William Owen is the Digital Production Manager at Penguin. Western New Yorker, softball player and Spartan racer, he can often be found on the stairs in Prospect Park, writing in Brooklyn cafes, or working from a hammock in his boss’s office. He will graciously accept any pie you have left over. Twitter: @William_A_Owen
The Book of Phoenix by Nnedi Okorafor
I’d been meaning to read Nnedi Okorafor’s works for some time, so when I saw she had a new book forthcoming I could not wait to read it and darkened the editor’s door until he gave me one. Everything I’d heard about The Book of Phoenix was spot on. The story is astounding and insightful, and weaves together the futuristic ideas of Phoenix’s world with the sights and sounds of our world beautifully. Reading this was like seeing Jurassic Park for the first time in the theatre, the way something surreal and uncanny can seem to fit so fluidly into a vision of our world. I cannot wait to read Okorafor’s other books now.
Dogsbody by Diana Wynne Jones
One of, no, THE most original book I have ever read. Sirius, the Dogstar, is accused of murdering another celestial and sentenced to live out existence in the body of a dog unless it can find the weapon used in the crime. What? Are you even allowed to use that as the premise for a story? Diana Wynne Jones took what seems is just a sloppy mess of ideas – celestial entities, a murder, terrestrial gods, an orphaned child and a bunch of dogs – and did what less than a handful of other writers in the world could have done: made an incredible, compelling, brilliantly told story. If you’ve never read her work, this is a terrific place to start.

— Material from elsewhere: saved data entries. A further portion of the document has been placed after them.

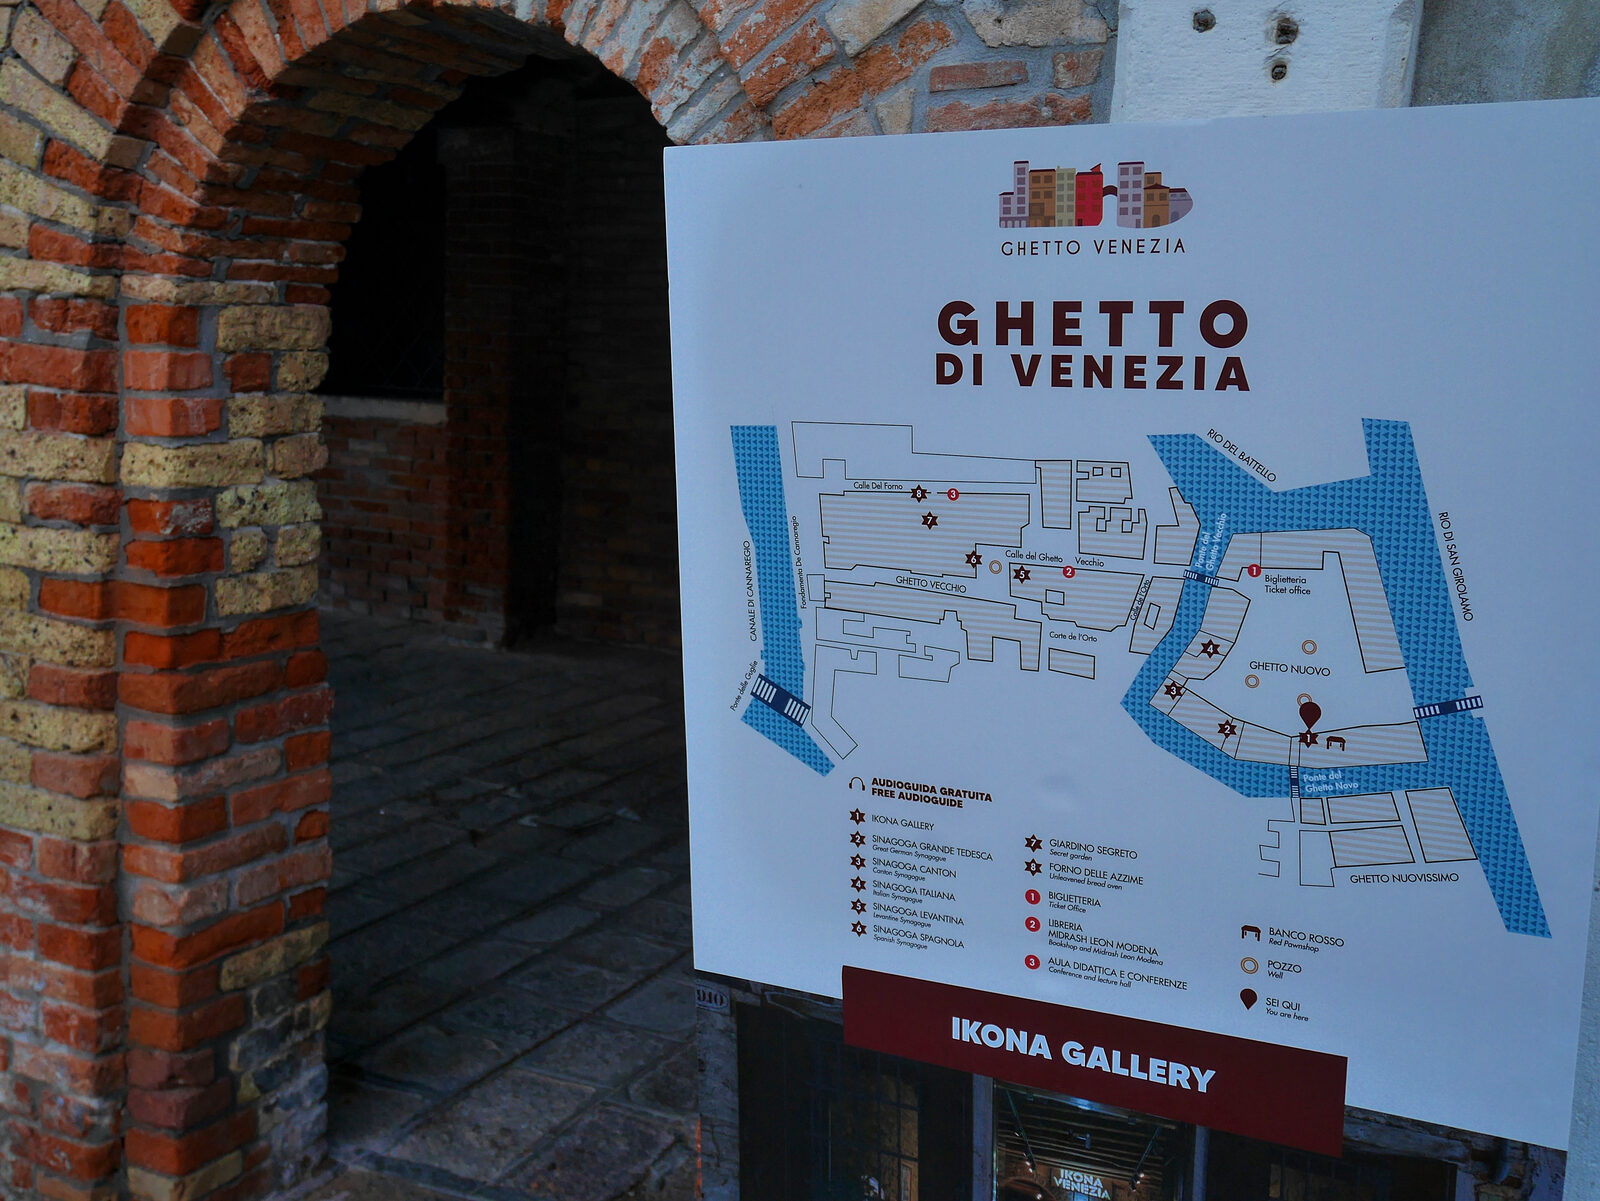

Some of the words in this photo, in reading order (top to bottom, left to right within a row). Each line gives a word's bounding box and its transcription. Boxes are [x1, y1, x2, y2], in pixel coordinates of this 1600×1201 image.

[1001, 240, 1081, 256] GHETTO
[1094, 238, 1185, 254] VENEZIA
[937, 299, 1248, 349] GHETTO
[935, 353, 983, 386] DI
[1010, 354, 1250, 391] VENEZIA
[1206, 428, 1224, 444] RIO
[1222, 440, 1237, 456] DEL
[1238, 452, 1277, 482] BATTELLO
[854, 482, 870, 490] Calle
[884, 482, 903, 490] Forno
[1438, 512, 1451, 530] RIO
[1206, 544, 1219, 571] Ghetto
[1213, 513, 1227, 542] Vecchio
[1443, 531, 1454, 542] DI
[1194, 548, 1208, 568] Ponte
[1202, 531, 1211, 544] del
[1446, 544, 1460, 566] SAN
[1006, 550, 1025, 560] Calle
[1026, 551, 1036, 560] del
[1038, 552, 1064, 563] Ghetto
[1075, 556, 1104, 568] Vecchio
[743, 540, 754, 598] CANNAREGIO
[896, 576, 928, 587] GHETTO
[930, 580, 966, 593] VECCHIO
[1264, 574, 1306, 584] Biglietteria
[1264, 585, 1288, 594] Ticket
[1289, 585, 1311, 595] office
[1452, 568, 1474, 622] GIROLAMO
[748, 600, 754, 608] DI
[748, 610, 758, 642] CANALE
[1049, 631, 1067, 640] Corte
[1068, 632, 1077, 640] de
[1078, 633, 1098, 642] l'Orto
[1250, 661, 1288, 672] GHETTO
[1290, 665, 1330, 677] NUOVO
[730, 696, 742, 712] Ponte
[738, 680, 748, 695] delle
[744, 660, 758, 680] Guglie
[1303, 773, 1326, 782] Ponte
[1328, 771, 1342, 780] del
[872, 777, 938, 794] AUDIOGUIDA
[940, 786, 993, 802] GRATUITA
[1305, 782, 1334, 792] Ghetto
[1336, 781, 1359, 790] Novo
[871, 788, 896, 800] FREE
[898, 791, 964, 808] AUDIOGUIDE
[872, 814, 898, 826] IKONA
[900, 818, 935, 831] GALLERY
[872, 834, 918, 849] SINAGOGA
[920, 842, 954, 856] GRANDE
[956, 848, 994, 862] TEDESCA
[872, 844, 889, 854] Great
[890, 846, 913, 857] German
[914, 850, 947, 863] Synagogue
[1050, 838, 1095, 853] GIARDINO
[1096, 846, 1138, 860] SEGRETO
[1050, 849, 1068, 858] Secret
[1070, 852, 1092, 862] garden
[872, 857, 918, 872] SINAGOGA
[920, 865, 957, 878] CANTON
[872, 867, 893, 876] Canton
[894, 870, 926, 882] Synagogue
[1050, 862, 1082, 876] FORNO
[1084, 868, 1108, 880] DELLE
[1110, 872, 1144, 886] AZZIME
[1049, 874, 1086, 885] Unleavened
[1087, 878, 1106, 888] bread
[1107, 882, 1123, 890] oven
[1350, 873, 1390, 884] GHETTO
[1392, 872, 1460, 883] NUOVISSIMO
[872, 880, 918, 895] SINAGOGA
[920, 887, 956, 902] ITALIANA
[872, 890, 890, 899] Italian
[891, 892, 923, 904] Synagogue
[1048, 891, 1102, 908] BIGLIETTERIA
[872, 902, 918, 918] SINAGOGA
[920, 910, 964, 926] LEVANTINA
[1048, 901, 1066, 910] Ticket
[1067, 904, 1086, 914] Office
[873, 912, 898, 922] Levantine
[900, 916, 932, 928] Synagogue
[1048, 919, 1083, 932] LIBRERIA
[873, 924, 918, 940] SINAGOGA
[920, 933, 964, 948] SPAGNOLA
[873, 934, 896, 944] Spanish
[896, 938, 928, 950] Synagogue
[1048, 930, 1088, 944] MIDRASH
[1090, 936, 1114, 948] LEON
[1116, 942, 1158, 956] MODENA
[1269, 927, 1306, 941] BANCO
[1309, 933, 1345, 947] ROSSO
[1269, 937, 1282, 947] Red
[1284, 940, 1320, 953] Pawnshop
[1048, 938, 1078, 952] Bookshop
[1079, 945, 1092, 953] and
[1093, 947, 1119, 958] Midrash
[1120, 951, 1135, 961] Leon
[1136, 955, 1164, 966] Modena
[1048, 957, 1072, 968] AULA
[1073, 961, 1118, 978] DIDATTICA
[1120, 970, 1125, 979] E
[1127, 972, 1188, 990] CONFERENZE
[1267, 959, 1302, 974] POZZO
[1267, 970, 1284, 980] Well
[1048, 966, 1083, 980] Conference
[1083, 974, 1096, 982] and
[1098, 976, 1118, 986] lecture
[1120, 979, 1132, 988] hall
[1266, 997, 1280, 1008] SEI
[1282, 1000, 1300, 1012] QUI
[1266, 1008, 1278, 1016] You
[1293, 1013, 1309, 1022] here
[951, 1016, 1052, 1060] IKONA
[1060, 1040, 1216, 1094] GALLERY
[1060, 1168, 1104, 1188] IKONA
[1053, 1176, 1111, 1200] VENEZIA

The Price of Valor by Django Wexler
The third novel in Django Wexler’s Shadow Campaigns series is another book I couldn’t wait to read (in the middle of it right now), and continues the masterful storytelling of the first two novels. Set in a Napoleonic colonial world, Wexler constantly builds, expanding the history and the fantastic elements without ever sacrificing his characters. Three books in and I’m still as invested in Janus, Winter and Marcus as I have been from the beginning, and the mysteries surrounding the Thousand Names and the Priests of the Black are only getting deeper.
Those Across the River by Christopher Buehlman
I heard a lot about this book from a friend of mine. She is a grad school buddy and we were talking about werewolves and she said, “I just read this great book about werewolves. It’s super creepy, southern gothic horror.” I said I didn’t really get into horror that much. Turns out I’m really a fan of horror if its written by Christopher Buehlman. Unsettling, eerie, sometimes back of neck prickling.
Idoru by William Gibson
I had to put William Gibson on the list. I chose Idoru, the second book in his second trilogy, for a couple of different reasons. To me this is a book that has always felt tuned up a step on quality while it was tuned down a step on the sometimes whipsaw pace of the Sprawl Trilogy or the other Bridge trilogy books. It is a better chance to see what is happening. The story seeps off the page a little more, a little deeper, and being able to get that much closer to the complexities of Gibson’s stories, and his writing method (which is a fascinating and intimidating approach) takes his lauded and praised work and turns up to 11.